An individual decorative invention becomes style by the imitation of others, which can be slavish or free. A single work, a single artist, will never be felt as a phenomenon of style. There is the same difference between originality and style as between the picture of a certain person and the composite or average photograph of Galton. The feature of family likeness that runs through the works of one period and one place, however, like that which all members of a blood-relationship exhibit, is explained most simply through descent from a common ancestor.
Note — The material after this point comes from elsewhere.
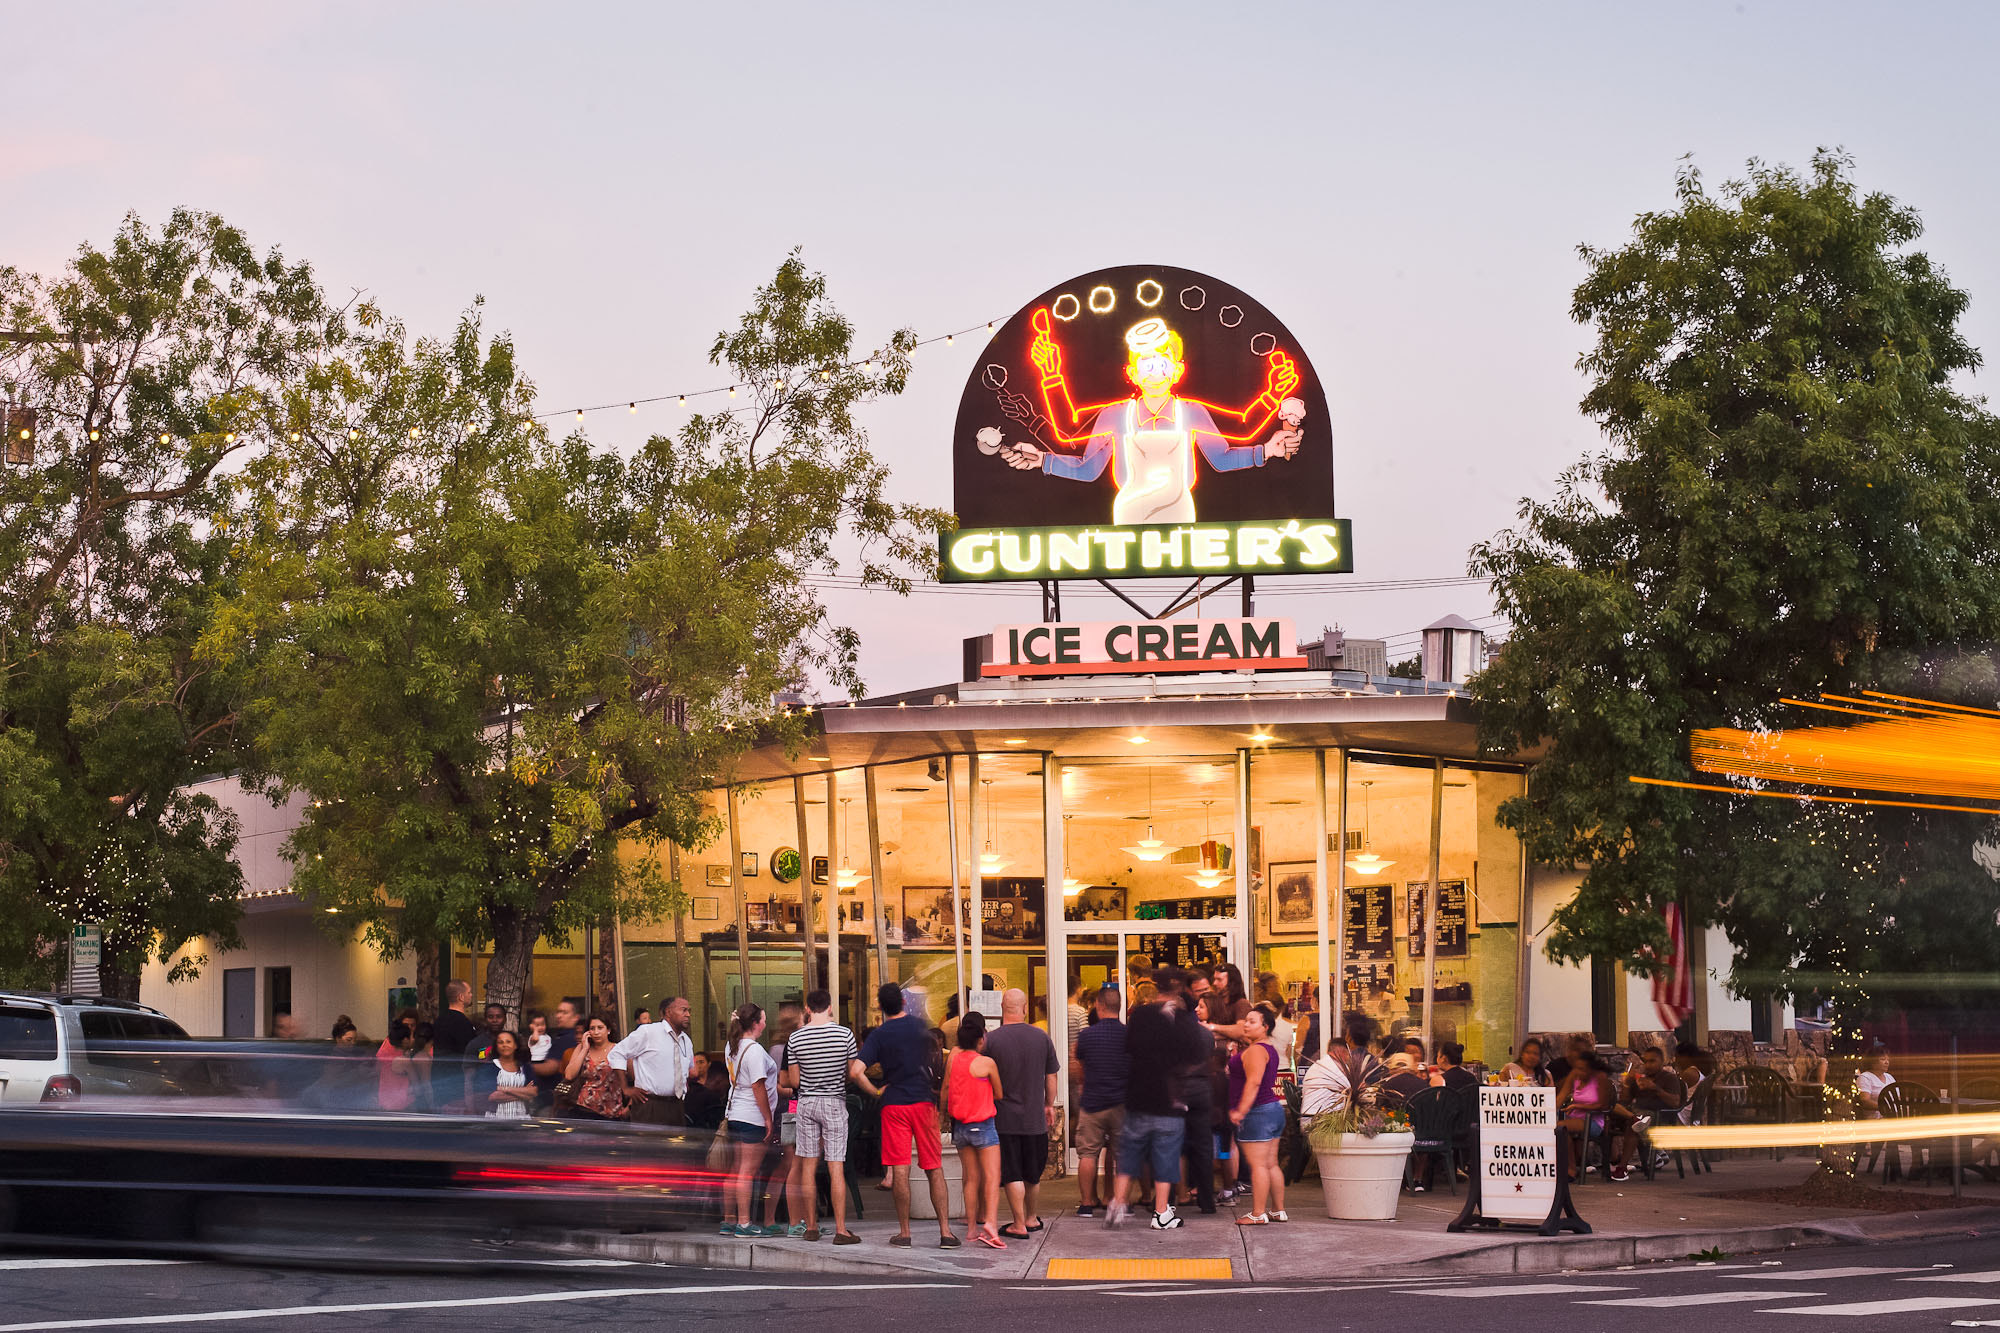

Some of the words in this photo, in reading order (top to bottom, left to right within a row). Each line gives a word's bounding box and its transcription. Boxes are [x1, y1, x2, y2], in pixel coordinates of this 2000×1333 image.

Decoration is either organic or transferred. The former is the outgrowth of construction, and gives it a new meaning, unites to the idea of its purpose a simile that can be correct or false, pleasant or silly; the latter is added externally, and only aims at the beautification of the surface, without adopting living and necessary relations to the structure and destination of the object. Surface decoration may be pretty and rich, but it is always something subordinate, and always speaks of poor imagination and slight inventive power. Organic decoration is alone the outcome of a creative gift for art.

The psychical mechanism, which produces organic decoration, is always the same; it is the co-operation of association of ideas and anthropomorphism. I know very well that this latter is only a

## particular instance of the former; but I cite the really identical,

nevertheless, as two apparently different ideas, so as not to become vague through too wide generalisation.